Computer viruses are part of our culture. At least that’s what the Museum of Applied Arts (MAK) in Frankfurt says. Its division digitalcraft has put together an interdisciplinary exhibition on these bugs.

"I love you - computers_viruses_hackers_culture" takes a closer look at 30 years of computer virus history and its technical development. It seeks to show the connection of viruses as a factor of economic threat and as an element that gives momentum to art.

"In a society of communication and information, dealing with computer viruses belongs to everyday digital life," digitalcraft says.

Visitors to the exhibit can view an interactive database containing several hundred emulated viruses - all made harmless, of course. There are also demonstrations of the effects of viruses, and what a monitor looks like after contamination

Artistic potential

Project leader Franziska Nori says "particular attention is paid to the aesthetic component of the code creation".

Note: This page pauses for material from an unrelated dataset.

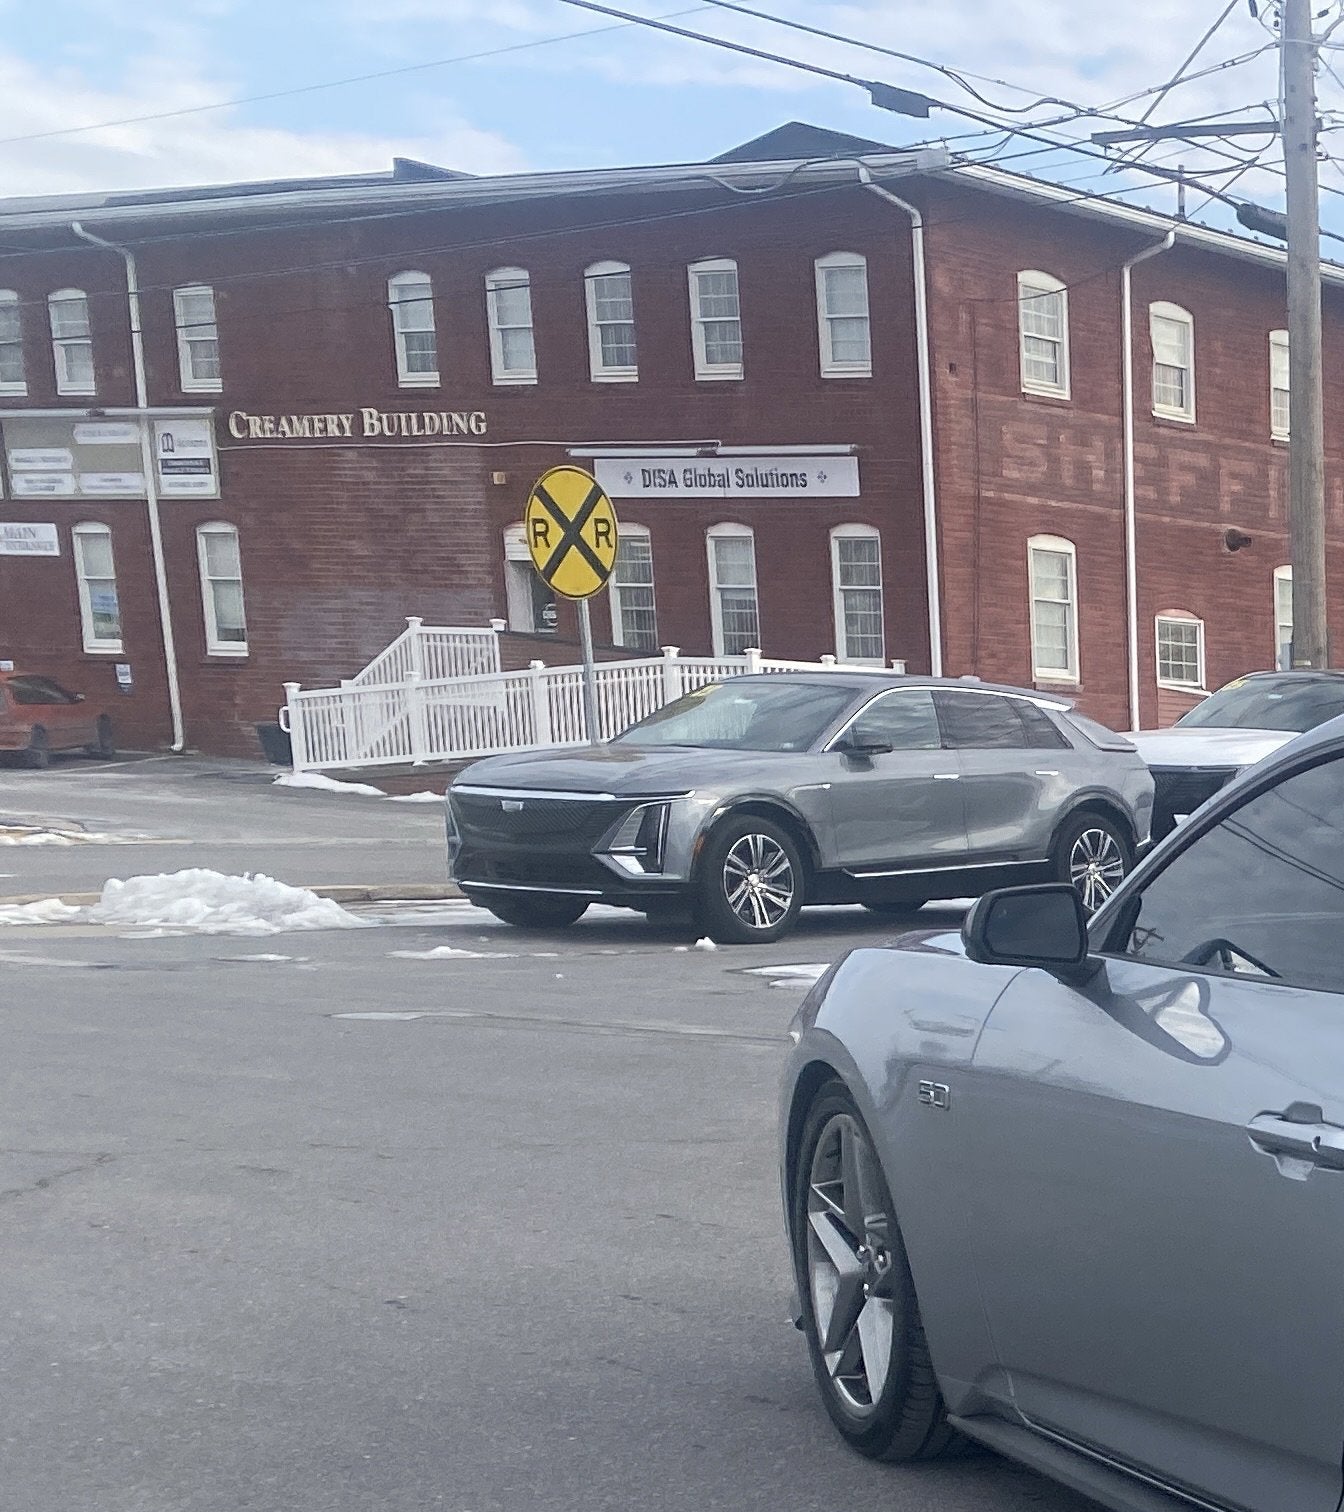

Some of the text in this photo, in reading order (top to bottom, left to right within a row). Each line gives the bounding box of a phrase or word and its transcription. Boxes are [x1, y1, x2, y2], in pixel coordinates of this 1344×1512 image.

[228, 407, 488, 439] CREAMERY BUILDING
[641, 467, 808, 488] DISA Global Solutions
[532, 518, 613, 548] R R

"I love you" wants to show the aesthetic dimension of computer viruses. One of the perspectives it takes up devotes itself to the programming code as a unique language.

Computerhacker

Abstracted computer keyboard over numbers.

Digitalcraft says that, besides its mere functionality, these codes have a high artistic and aesthetic standard.

"Comparable to the experimental poetry of the early vanguard – Baudelaire, Rimbaud, the poétes maudits as well as Apollinaire and the surrealists – code poets experiment with this material of today’s information society."

The exhibition is accompanied by several expert talks among web and software artists, literature specialists, free software programmers, security experts, cryptographs and media sociologists.